El exportador de petróleo más grande del mundo acaba de hacer un importante cambio de política. En seis semanas, Arabia Saudita ha pasado de abogar por precios más altos a tratar de detener el repunte a US$80 por barril.
El giro alteró las perspectivas de los mercados petroleros, golpeó los precios de las acciones de las grandes petroleras y de los productores de shale y dio paso a una disputa diplomática con otros miembros de la Organización de Países Exportadores de Petróleo (OPEP).
Las amenazas al suministro surgidas por la reimposición de las sanciones de Estados Unidos a las exportaciones de petróleo de Irán a principios de este mes y el rápido colapso de la industria energética de Venezuela son parte de la respuesta, pero son secundarios a Donald Trump.
El 20 de abril, el presidente recurrió a Twitter para arremeter contra la ofensiva del cartel por precios más altos. «Parece que la OPEP lo hizo de nuevo», tuiteó. “¡Los precios del petróleo están artificialmente muy altos!»
La intervención de Trump reveló una preocupación sostenida más ampliamente en Estados Unidos y otros países consumidores: la subida del petróleo desde menos de US$30 a principios de 2016 a más de US$80 este mes podría convertirse en una amenaza para el crecimiento económico global.

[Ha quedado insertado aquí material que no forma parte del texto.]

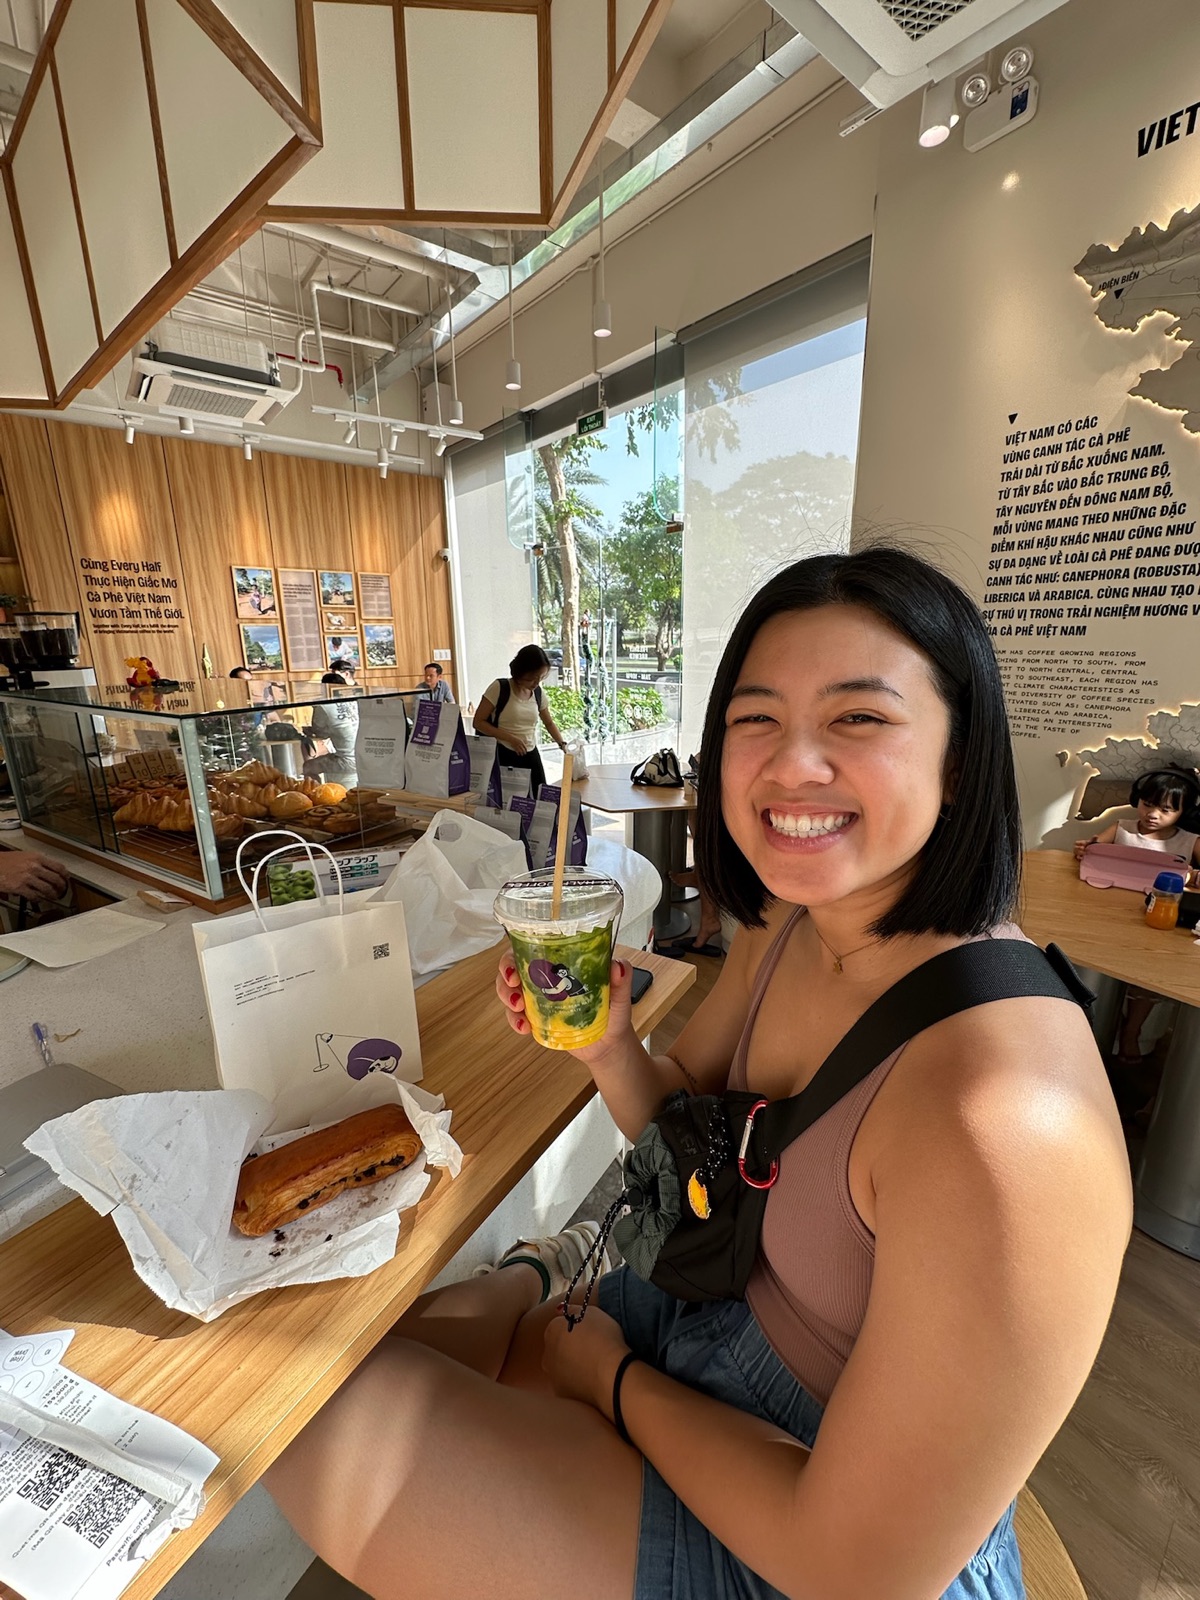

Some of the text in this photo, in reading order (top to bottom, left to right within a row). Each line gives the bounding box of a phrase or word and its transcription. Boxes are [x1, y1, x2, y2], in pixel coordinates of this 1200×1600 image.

El viernes, el ministro de Petróleo de Arabia Saudita, Khalid Al-Falih, dijo que su país compartía la «ansiedad» de sus clientes. Luego anunció un cambio en la política que casi dio luz verde para una venta masiva en el mercado, diciendo que la OPEP y sus aliados «probablemente» impulsarían la producción el segundo semestre del año.
«El tuit movió a los saudíes», dijo Bob McNally, fundador de la consultora Rapidan Energy Group LLC, en Washington, y ex funcionario de petróleo de la Casa Blanca. «El mensaje fue entregado fuerte y claro a Arabia Saudita».

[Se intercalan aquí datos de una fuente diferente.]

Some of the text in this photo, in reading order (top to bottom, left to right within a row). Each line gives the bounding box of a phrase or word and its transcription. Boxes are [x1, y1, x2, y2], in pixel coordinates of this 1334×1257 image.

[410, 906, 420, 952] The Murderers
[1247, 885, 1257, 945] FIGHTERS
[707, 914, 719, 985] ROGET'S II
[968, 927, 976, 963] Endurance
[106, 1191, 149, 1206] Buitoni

Después de los comentarios de Al-Falih, realizados tras una reunión con su homólogo ruso en San Petersburgo, el viernes el crudo cayó más de US$3 por debajo de los US$67 el barril en Nueva York.
El tono alcista de las recientes especulaciones del mercado, cada vez más salpicado de rumores sobre precios del petróleo que subirían sobre US$100, US$150 e incluso US$300, de repente parece exagerado.